CourtCourt of Appeals for the Ninth Circuit
DecidedApril 17, 2026
Docket23-61
StatusUnpublished

This text of Aguilar-Velasquez v. Blanche (Aguilar-Velasquez v. Blanche) is published on Counsel Stack Legal Research, covering Court of Appeals for the Ninth Circuit primary law. Counsel Stack provides free access to over 12 million legal documents including statutes, case law, regulations, and constitutions.

Bluebook
Aguilar-Velasquez v. Blanche, (9th Cir. 2026).

Opinion

NOT FOR PUBLICATION FILED UNITED STATES COURT OF APPEALS APR 17 2026 MOLLY C. DWYER, CLERK U.S. COURT OF APPEALS FOR THE NINTH CIRCUIT

JENNY CAROLINA AGUILAR- No. 23-61 VELASQUEZ, Agency No. A206-731-646 Petitioner,

v. MEMORANDUM*

TODD BLANCHE, Acting Attorney General,

Respondent.

On Petition for Review of an Order of the Board of Immigration Appeals

Submitted April 16, 2026** Portland, Oregon

Before: OWENS, VANDYKE, and SUNG, Circuit Judges. Concurrence by Judge VANDYKE.

Petitioner Jenny Carolina Aguilar-Velasquez petitions for review of the

Board of Immigration Appeals’ (“BIA’s”) order affirming the Immigration Judge’s

* This disposition is not appropriate for publication and is not precedent except as provided by Ninth Circuit Rule 36-3. ** The panel unanimously concludes this case is suitable for decision without oral argument. See Fed. R. App. P. 34(a)(2). (“IJ’s”) order denying her application for asylum, withholding of removal, and

protection under the Convention Against Torture (“CAT”). “Where the BIA

conducts its own review of the evidence and law, rather than adopting the IJ’s

decision, our review is limited to the BIA’s decision, except to the extent the IJ’s

opinion is expressly adopted.” Rodriguez v. Holder, 683 F.3d 1164, 1169 (9th Cir.

2012) (quotation marks omitted). “We review factual findings for substantial

evidence and legal questions de novo.” Flores Molina v. Garland, 37 F.4th 626,

632 (9th Cir. 2022) (quoting Guerra v. Barr, 974 F.3d 909, 911 (9th Cir. 2020)).

We have jurisdiction under 8 U.S.C. § 1252, and we deny the petition.

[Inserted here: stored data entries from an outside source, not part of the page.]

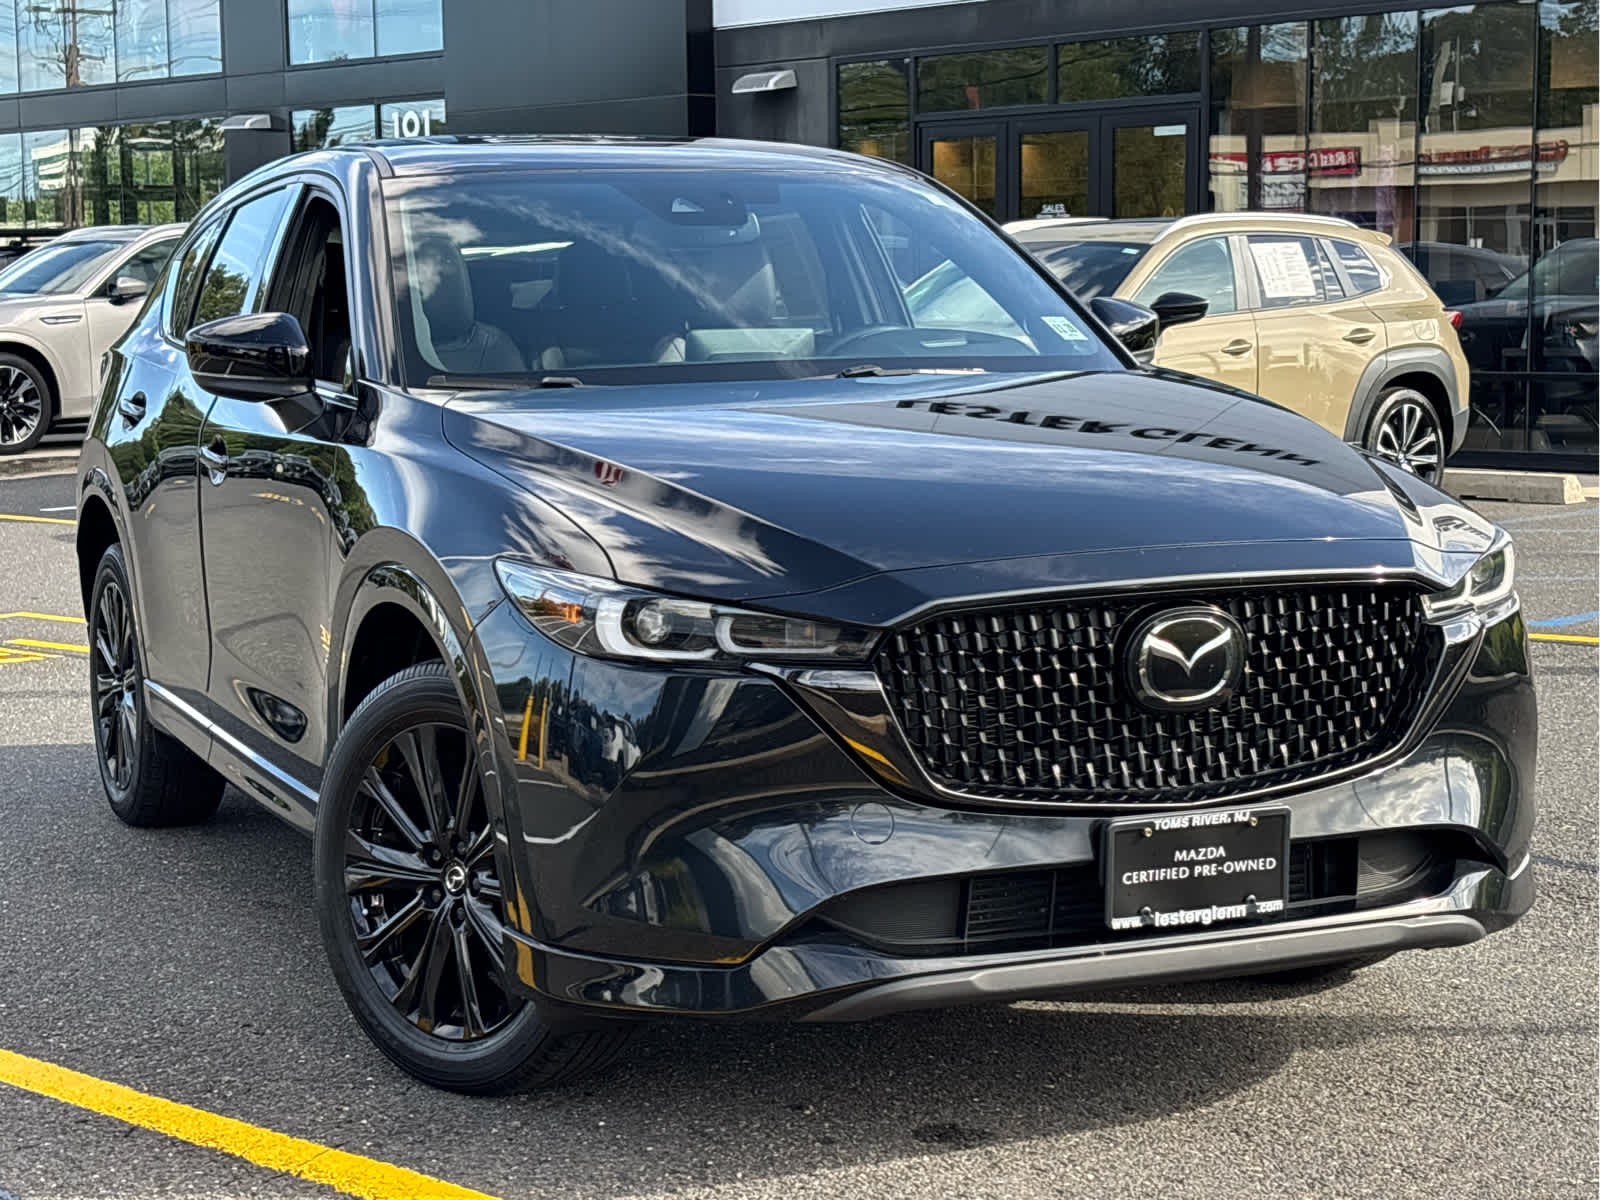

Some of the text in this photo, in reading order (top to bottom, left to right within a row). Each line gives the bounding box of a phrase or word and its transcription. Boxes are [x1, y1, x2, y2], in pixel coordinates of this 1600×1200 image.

[392, 110, 430, 138] 101
[1041, 203, 1065, 214] SALES
[1153, 816, 1189, 831] TOMS
[1233, 809, 1250, 823] NJ
[1174, 846, 1226, 862] MAZDA
[1122, 857, 1277, 885] CERTIFIED PRE-OWNED
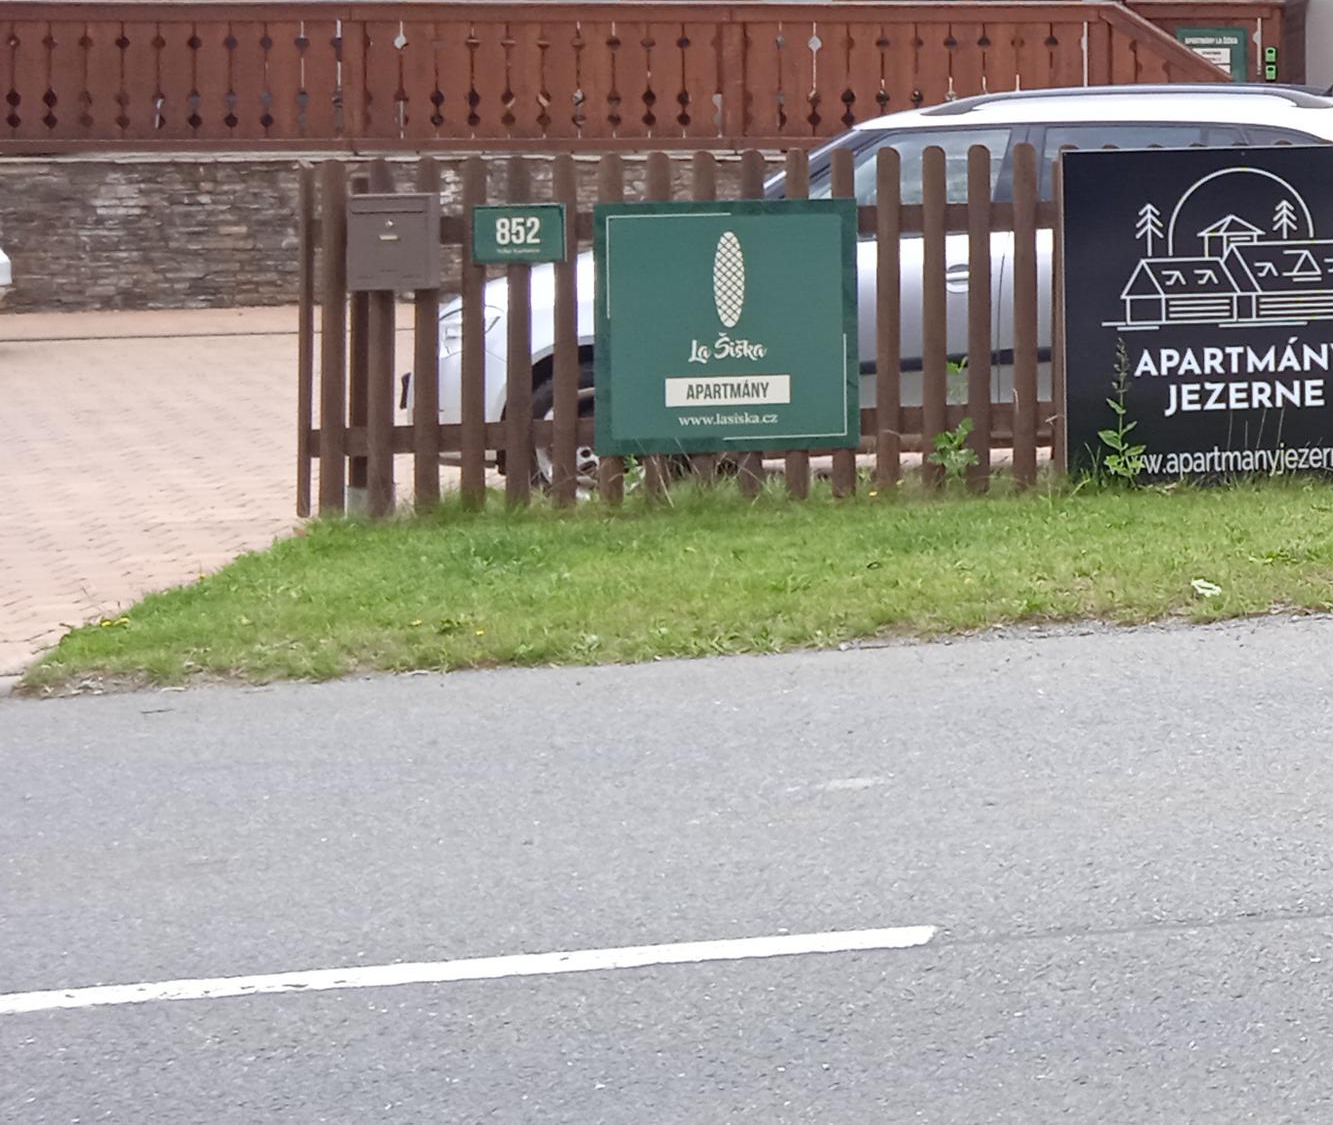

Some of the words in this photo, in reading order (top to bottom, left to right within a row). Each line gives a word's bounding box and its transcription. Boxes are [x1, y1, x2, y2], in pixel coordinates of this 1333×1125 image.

[495, 216, 540, 245] 852
[688, 338, 711, 364] La
[713, 332, 768, 361] Šiška
[685, 379, 769, 400] APARTMÁNY
[1163, 379, 1325, 417] JEZERNE
[678, 412, 778, 426] www.lasiska.cz

1. We review the agency’s determination that Petitioner did not establish

past persecution for substantial evidence. Urias-Orellana v. Bondi, 607 U.S. __,

2026 WL 598435, at *5–6 (Mar. 4, 2026). We conclude that substantial evidence

supports the agency’s determination.

Petitioner contends that the record compels the conclusion that she suffered

past persecution because (1) gang members forced Petitioner to lay on the ground

at gunpoint; (2) Petitioner saw both her husband and his brother be taken by gang

members, and both were killed soon after; (3) the same gang later killed her other

brother-in-law; (4) the gang made threats against her husband’s family (the

Guifarro-Figueroa family); and (5) after her husband’s family had moved away

from the area and Petitioner went to live with her mother, gang members drove by

2 23-61 Petitioner’s mother’s house and later asked her younger brother where she had

gone.

Although Petitioner was only 17 at the time, the fact that she was forced to

lay on the ground at gunpoint does not establish past persecution. See Sharma v.

Garland, 9 F.4th 1052, 1062 (9th Cir. 2021) (collecting cases where brief

detentions without physical harm did not compel finding of past persecution).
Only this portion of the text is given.